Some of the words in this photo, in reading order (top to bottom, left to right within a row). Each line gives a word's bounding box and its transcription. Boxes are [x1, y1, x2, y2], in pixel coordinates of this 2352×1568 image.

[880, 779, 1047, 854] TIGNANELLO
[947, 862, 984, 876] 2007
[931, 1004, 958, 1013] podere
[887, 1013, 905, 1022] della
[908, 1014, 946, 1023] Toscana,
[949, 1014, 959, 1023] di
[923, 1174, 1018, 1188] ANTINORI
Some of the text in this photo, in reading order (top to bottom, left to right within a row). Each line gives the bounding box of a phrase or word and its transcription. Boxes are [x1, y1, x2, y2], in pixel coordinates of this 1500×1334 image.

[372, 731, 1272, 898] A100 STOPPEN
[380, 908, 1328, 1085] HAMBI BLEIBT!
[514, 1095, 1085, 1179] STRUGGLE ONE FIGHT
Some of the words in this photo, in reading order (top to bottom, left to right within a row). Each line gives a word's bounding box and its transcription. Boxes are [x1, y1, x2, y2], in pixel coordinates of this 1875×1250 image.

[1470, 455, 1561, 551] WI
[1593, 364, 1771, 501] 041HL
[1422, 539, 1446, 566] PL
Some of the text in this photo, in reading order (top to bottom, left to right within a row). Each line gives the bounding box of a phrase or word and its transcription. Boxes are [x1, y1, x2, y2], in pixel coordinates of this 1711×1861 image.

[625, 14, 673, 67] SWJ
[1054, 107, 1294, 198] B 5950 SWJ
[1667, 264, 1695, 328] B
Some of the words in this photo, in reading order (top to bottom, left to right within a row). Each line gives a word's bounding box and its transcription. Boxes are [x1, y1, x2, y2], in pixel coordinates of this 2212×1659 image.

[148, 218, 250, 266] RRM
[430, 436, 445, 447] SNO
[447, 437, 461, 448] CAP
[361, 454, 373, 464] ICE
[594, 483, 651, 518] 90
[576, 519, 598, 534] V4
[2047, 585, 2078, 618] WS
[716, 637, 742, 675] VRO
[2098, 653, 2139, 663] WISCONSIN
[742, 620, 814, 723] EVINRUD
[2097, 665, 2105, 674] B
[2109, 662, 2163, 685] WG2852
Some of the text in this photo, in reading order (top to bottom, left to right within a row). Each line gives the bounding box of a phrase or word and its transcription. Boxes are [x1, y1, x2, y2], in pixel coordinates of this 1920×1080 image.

•••••

Every word of every entry must be returned as it appears.

Solved exercise:
Some of the words in this photo, in reading order (top to bottom, left to right within a row). Each line gives a word's bounding box and its transcription. Boxes are [x1, y1, x2, y2], in pixel coordinates of this 2352×1568 image.

[880, 779, 1047, 854] TIGNANELLO
[947, 862, 984, 876] 2007
[931, 1004, 958, 1013] podere
[887, 1013, 905, 1022] della
[908, 1014, 946, 1023] Toscana,
[949, 1014, 959, 1023] di
[923, 1174, 1018, 1188] ANTINORI
Some of the text in this photo, in reading order (top to bottom, left to right within a row). Each line gives the bounding box of a phrase or word and its transcription. Boxes are [x1, y1, x2, y2], in pixel coordinates of this 1500×1334 image.

[372, 731, 1272, 898] A100 STOPPEN
[380, 908, 1328, 1085] HAMBI BLEIBT!
[514, 1095, 1085, 1179] STRUGGLE ONE FIGHT
Some of the words in this photo, in reading order (top to bottom, left to right within a row). Each line gives a word's bounding box and its transcription. Boxes are [x1, y1, x2, y2], in pixel coordinates of this 1875×1250 image.

[1470, 455, 1561, 551] WI
[1593, 364, 1771, 501] 041HL
[1422, 539, 1446, 566] PL
Some of the text in this photo, in reading order (top to bottom, left to right within a row). Each line gives the bounding box of a phrase or word and its transcription. Boxes are [x1, y1, x2, y2], in pixel coordinates of this 1711×1861 image.

[625, 14, 673, 67] SWJ
[1054, 107, 1294, 198] B 5950 SWJ
[1667, 264, 1695, 328] B
Some of the words in this photo, in reading order (top to bottom, left to right within a row). Each line gives a word's bounding box and its transcription. Boxes are [x1, y1, x2, y2], in pixel coordinates of this 2212×1659 image.

[148, 218, 250, 266] RRM
[430, 436, 445, 447] SNO
[447, 437, 461, 448] CAP
[361, 454, 373, 464] ICE
[594, 483, 651, 518] 90
[576, 519, 598, 534] V4
[2047, 585, 2078, 618] WS
[716, 637, 742, 675] VRO
[2098, 653, 2139, 663] WISCONSIN
[742, 620, 814, 723] EVINRUD
[2097, 665, 2105, 674] B
[2109, 662, 2163, 685] WG2852
Some of the text in this photo, in reading order (top to bottom, left to right within a row). Each line gives the bounding box of a phrase or word and its transcription. Boxes are [x1, y1, x2, y2], in pixel coordinates of this 1920×1080 image.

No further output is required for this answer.